Tuttavia, alcuni pensatori indiani realizzarono presto quanto rischiasse di essere limitativa questa visione. Lo yogi Matsyendranath insegnò che prima di addentrarsi nella pratica della meditazione, il corpo ed i suoi elementi hanno bisogno di una purificazione.
Fondò il culto dei Nath e la postura yogica matsyendrasana ricorda il ruolo cruciale che ha avuto nella storia della disciplina. Il suo principale discepolo, Gorakhnath, scrisse libri di hatha yoga nel dialetto della sua regione ed in hindi.
La tradizione indiana prevedeva, in realtà, che i testi originali fossero scritti in sanscrito.

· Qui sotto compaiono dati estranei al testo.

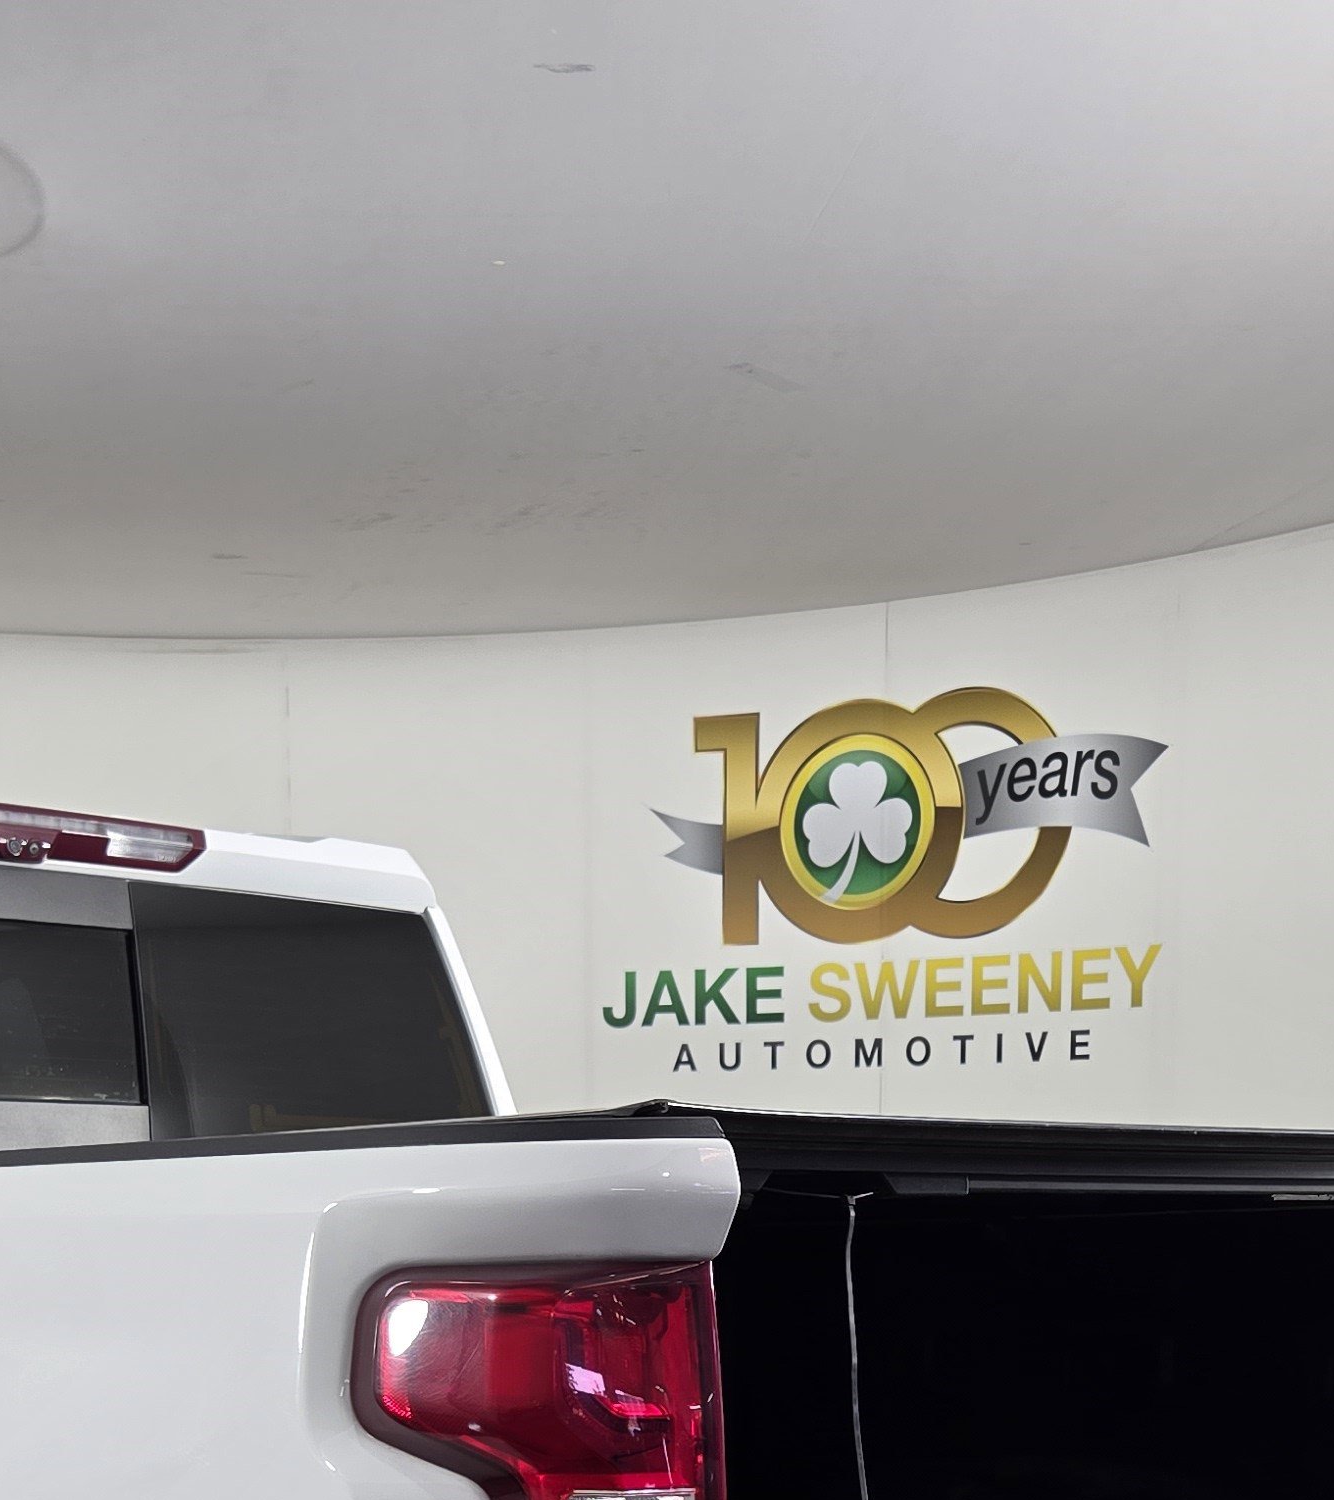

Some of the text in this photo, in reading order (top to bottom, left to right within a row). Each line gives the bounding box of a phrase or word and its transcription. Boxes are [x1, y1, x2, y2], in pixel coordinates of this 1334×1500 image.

[693, 686, 1120, 945] 100 years
[602, 944, 1162, 1028] JAKE SWEENEY
[672, 1029, 1091, 1072] AUTOMOTIVE
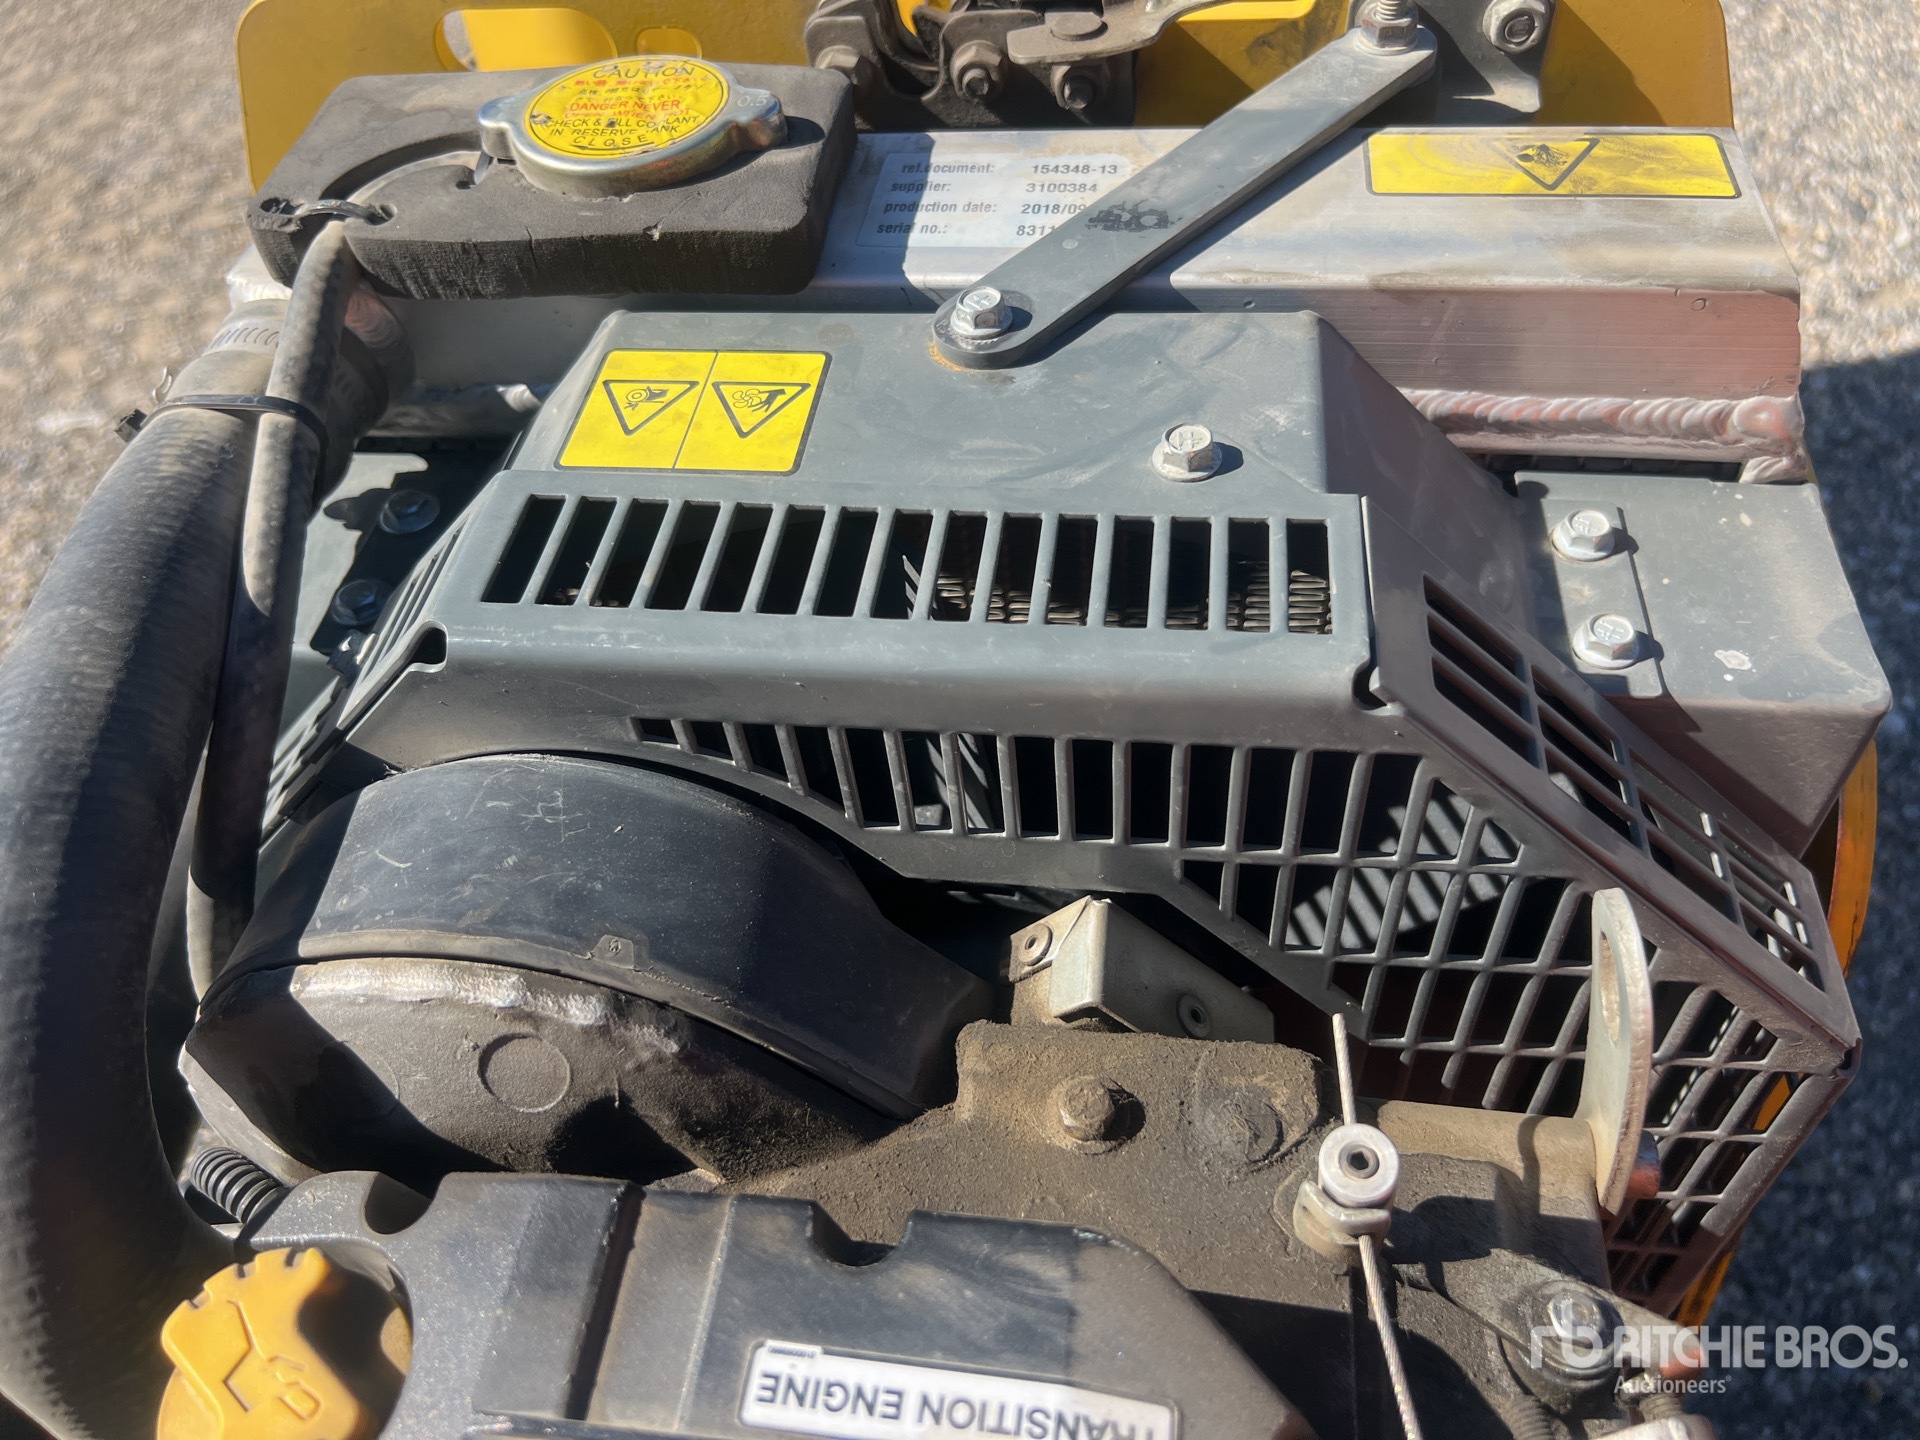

In molti casi venivano utilizzati riferimenti simbolici di modo che solo coloro che erano pronti a ricevere un determinato insegnamento fossero in grado di comprendere.
Una delle maggiori autorità riguardo l’hatha yoga, Swami Swatmarama, scrisse lo Hatha Yoga Pradipika o “Far luce sullo Yoga”, in sanscrito, considerando tutto il materiale esistente in merito. Nel far questo, ridusse l’enfasi su yama e niyama, eliminando un ostacolo che scoraggiava molti principianti.
Nell’Hatha Yoga Pradipika, Swatmarama inizia a focalizzare la propria attenzione sul corpo e solo in un secondo momento, quando la mente inizia ad essere più stabile e bilanciata, considera gli elementi dell’autocontrollo e della disciplina.